Referring expression grounding data
▽
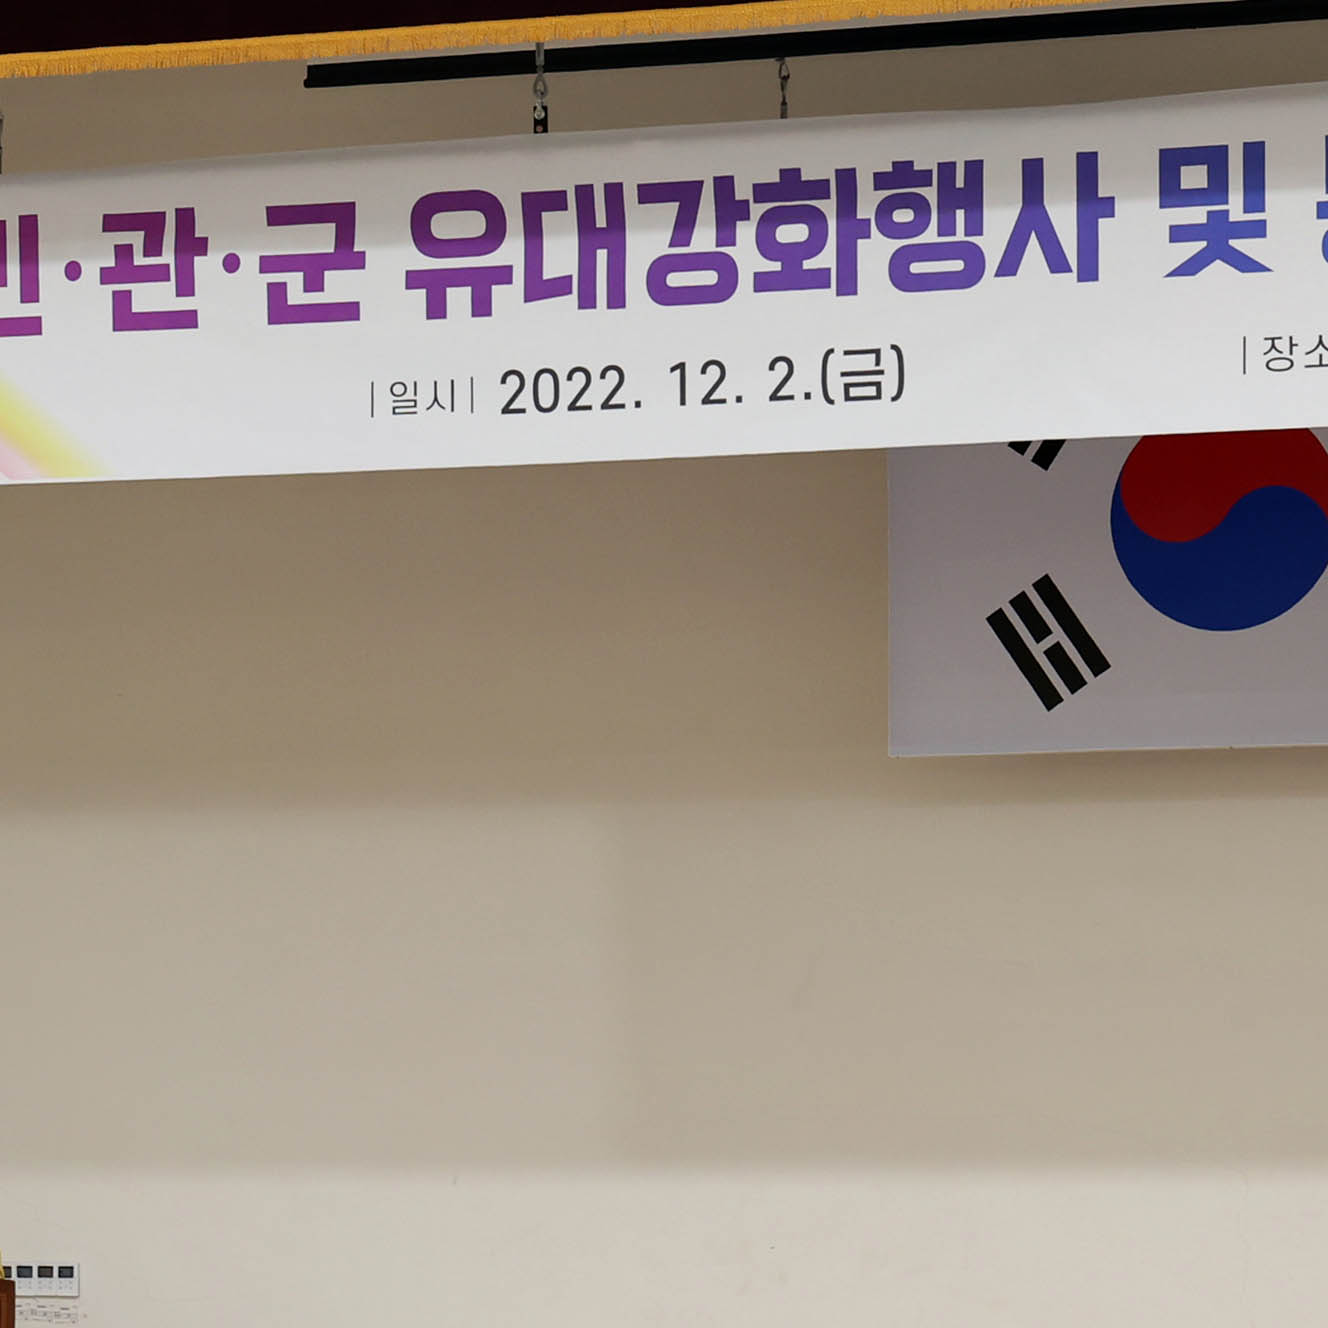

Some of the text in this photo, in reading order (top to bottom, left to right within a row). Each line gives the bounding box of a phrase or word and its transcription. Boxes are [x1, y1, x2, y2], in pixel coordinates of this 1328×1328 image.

[404, 149, 1116, 321] 유대강화행사
[1158, 139, 1274, 282] 및
[500, 363, 643, 415] 2022.
[669, 358, 744, 407] 12.
[768, 342, 906, 406] 2.(금)
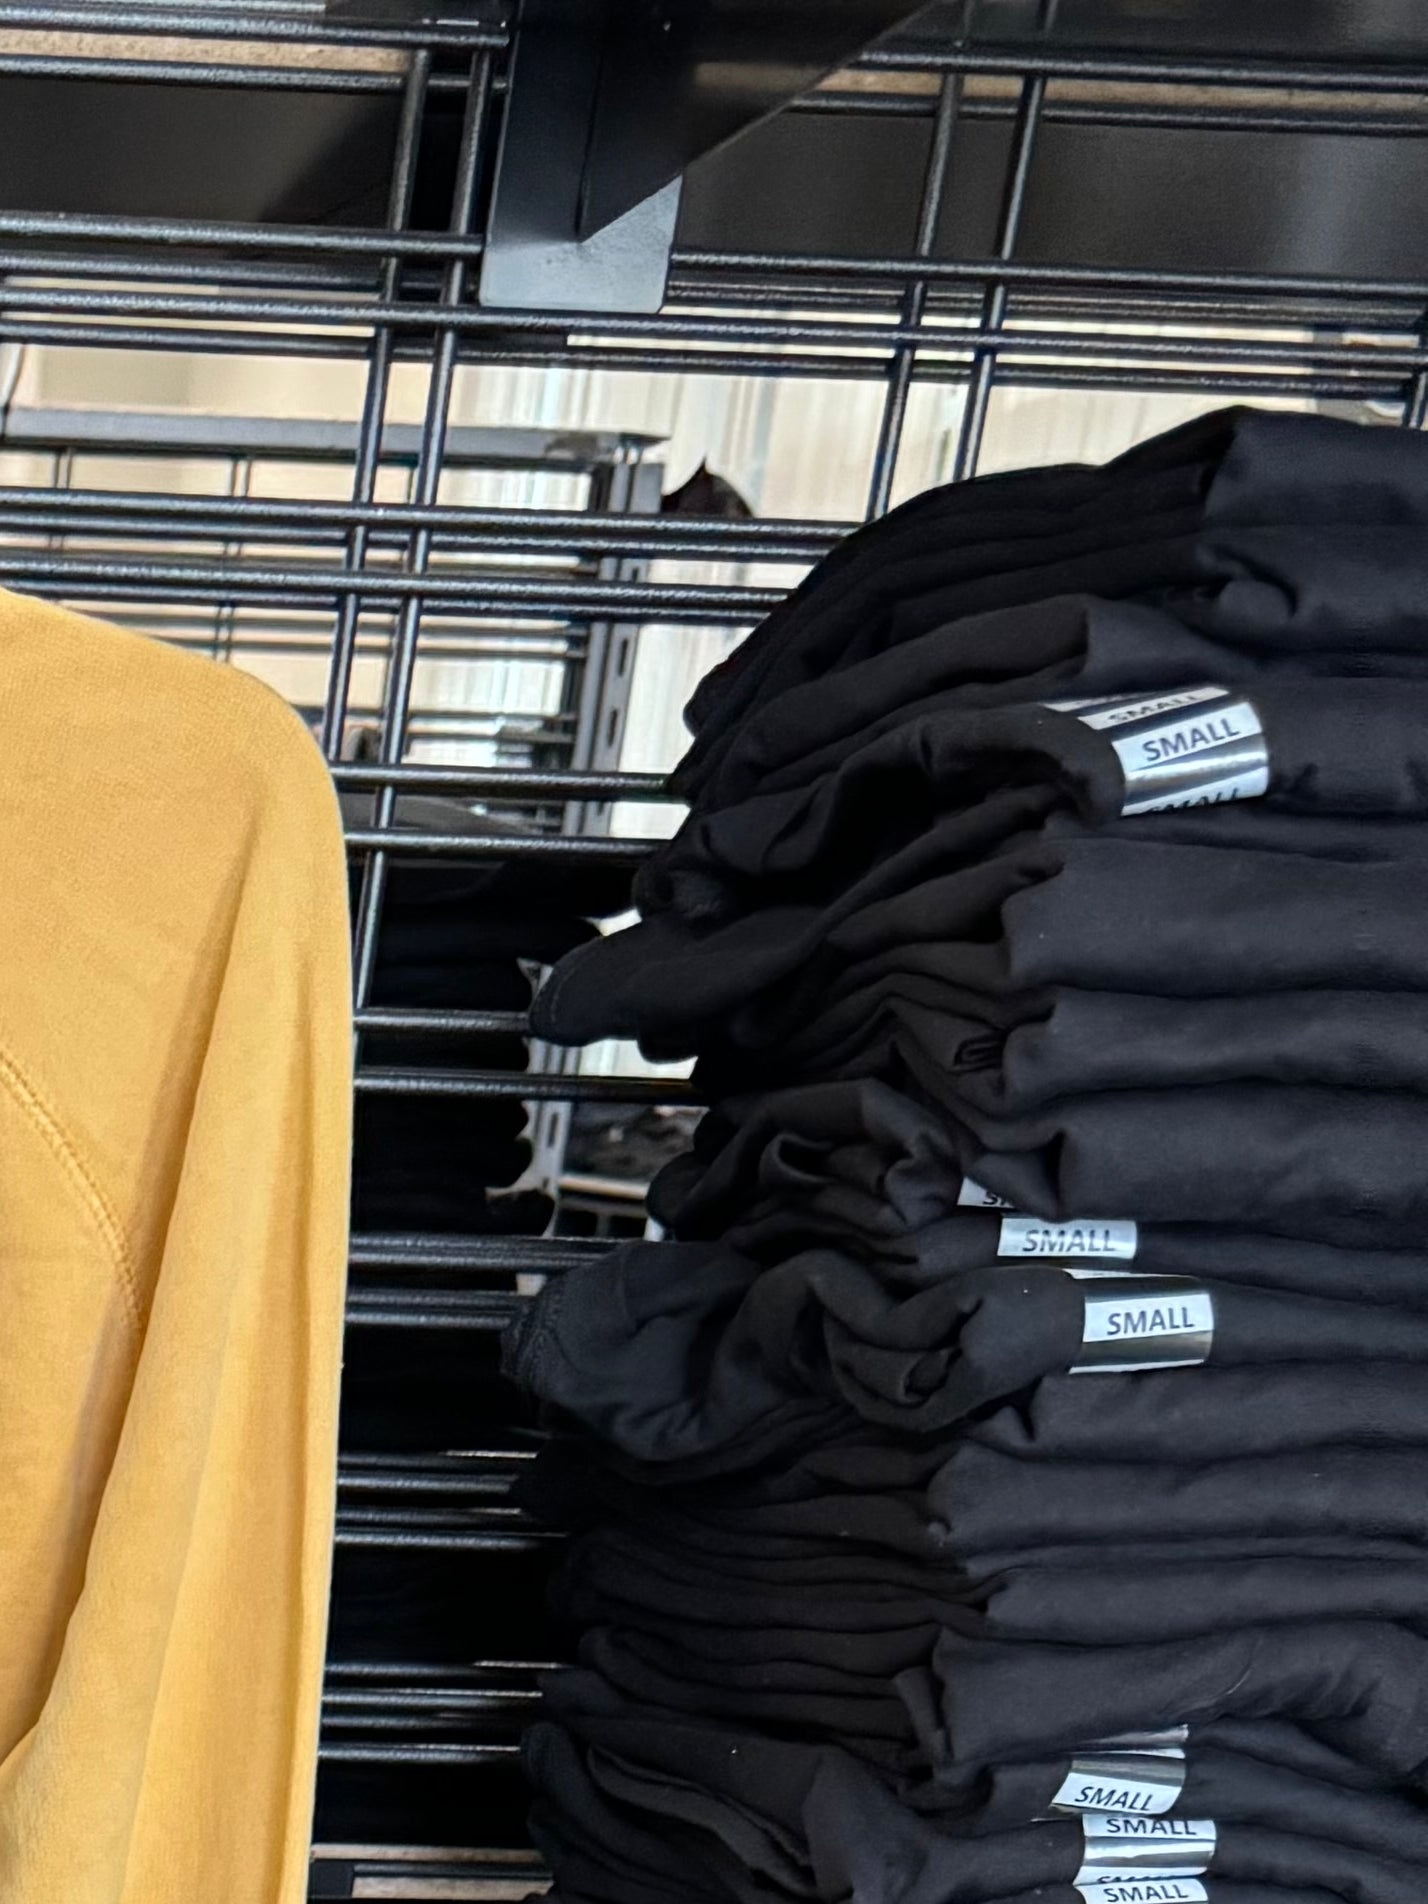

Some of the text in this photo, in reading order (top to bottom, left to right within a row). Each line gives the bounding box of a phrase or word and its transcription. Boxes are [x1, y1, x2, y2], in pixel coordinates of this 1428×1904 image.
△
▶ _EXERCISE OBJECTIVE_
Print out every entry above without changing a word, and leave out the pictures.

▶ _ANSWER BOX_
Some of the text in this photo, in reading order (top to bottom, left to right within a row). Each line gives the bounding box of a phrase or word and its transcription. Boxes are [x1, y1, x2, y2], in pixel coordinates of this 1328×1328 image.

[404, 149, 1116, 321] 유대강화행사
[1158, 139, 1274, 282] 및
[500, 363, 643, 415] 2022.
[669, 358, 744, 407] 12.
[768, 342, 906, 406] 2.(금)

Some of the text in this photo, in reading order (top to bottom, left to right within a row). Each line gives the bounding box of a phrase or word and its transcription. Boxes are [x1, y1, x2, y2], in pixel coordinates of this 1428×1904 image.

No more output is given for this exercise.